O café voltou ao centro das atenções no mercado internacional ao registrar valorização superior a 10% nos contratos futuros negociados na bolsa ICE nas últimas semanas, apontou levantamento do Rabobank divulgado em 14 de julho de 2026. O desempenho coloca a bebida à frente de todas as demais commodities agrícolas acompanhadas pelo banco.
Oferta apertada e clima instável sustentam preços
A escalada das cotações é atribuída a uma combinação de fatores: preocupação com a oferta global, estoques enxutos em alguns destinos, demanda internacional firme por cafés de maior qualidade, condições climáticas adversas em regiões produtoras e volatilidade cambial.
Brasil permanece peça-chave no mercado mundial
Como maior produtor e exportador do mundo, o Brasil exerce influência direta sobre a formação dos preços internacionais. O país lidera a produção de café arábica, robusta/conilon, cafés especiais e solúvel, abastecendo principalmente Estados Unidos, Europa, Japão, China e nações do Oriente Médio.
Câmbio favorece rentabilidade dos exportadores
A manutenção do dólar em patamar elevado aumenta a competitividade do café brasileiro, já que a conversão das receitas externas em reais melhora a margem dos exportadores. O alívio cambial ocorre em meio a custos ainda altos com fertilizantes, defensivos, combustíveis, mão de obra e logística.
Clima segue como principal risco para a safra
Secas prolongadas, excesso de chuvas, geadas e ondas de calor continuam no radar de produtores de Minas Gerais, Espírito Santo, São Paulo e Bahia. Qualquer redução significativa na oferta nacional pode provocar novas altas nas bolsas.
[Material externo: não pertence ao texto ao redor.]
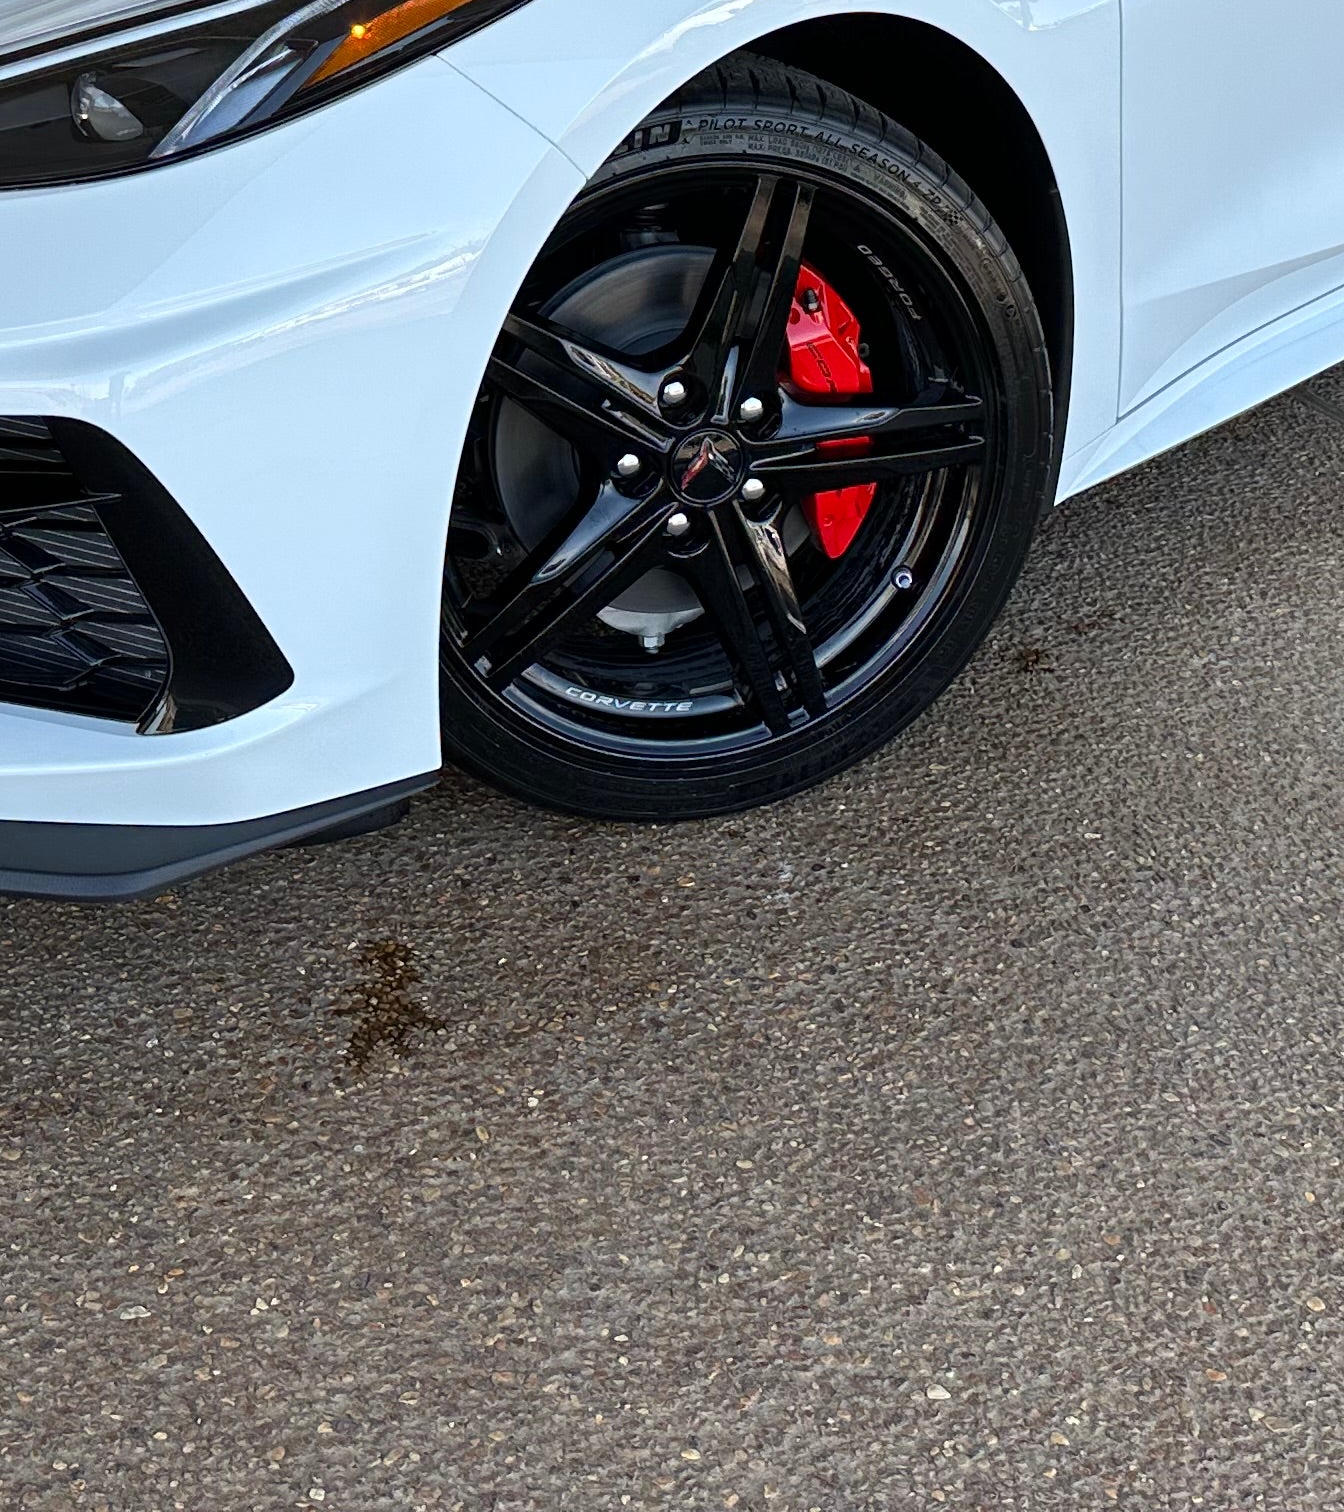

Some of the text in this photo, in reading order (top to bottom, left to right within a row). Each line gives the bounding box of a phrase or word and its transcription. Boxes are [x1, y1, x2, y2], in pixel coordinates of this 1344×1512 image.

[697, 117, 748, 132] PILOT
[752, 118, 811, 138] SPORT
[813, 130, 844, 150] ALL
[848, 142, 913, 184] SEASON
[856, 243, 923, 321] FORGED
[564, 686, 695, 713] CORVETTE
Outras commodities também avançam
O Rabobank registrou ganhos em soja (+3,7%), milho (+4,4%), trigo (+6%) e algodão (+5%) no mesmo período. O movimento reflete demanda aquecida, incertezas climáticas e maior interesse de investidores por ativos ligados ao mercado físico.
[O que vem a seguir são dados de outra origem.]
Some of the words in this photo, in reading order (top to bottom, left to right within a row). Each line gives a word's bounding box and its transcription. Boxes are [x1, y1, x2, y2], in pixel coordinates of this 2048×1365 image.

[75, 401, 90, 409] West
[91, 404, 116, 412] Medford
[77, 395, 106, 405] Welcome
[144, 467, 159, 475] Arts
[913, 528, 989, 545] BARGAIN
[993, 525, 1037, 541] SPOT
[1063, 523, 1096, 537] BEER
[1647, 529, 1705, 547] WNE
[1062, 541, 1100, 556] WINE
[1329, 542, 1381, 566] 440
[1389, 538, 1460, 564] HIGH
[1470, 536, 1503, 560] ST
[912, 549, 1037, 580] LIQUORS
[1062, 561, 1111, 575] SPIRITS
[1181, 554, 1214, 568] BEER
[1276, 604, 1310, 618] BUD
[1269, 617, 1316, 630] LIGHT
Petróleo e tensões geopolíticas elevam custos
A valorização do petróleo, impulsionada por riscos no Oriente Médio, pressiona gastos com combustíveis agrícolas, transporte e fertilizantes nitrogenados, adicionando volatilidade ao setor.
Cautela na comercialização
Especialistas recomendam que produtores brasileiros acompanhem preços futuros, custos de produção, câmbio e evolução da demanda antes de fechar negócios, já que a volatilidade deve permanecer elevada ao longo de 2026.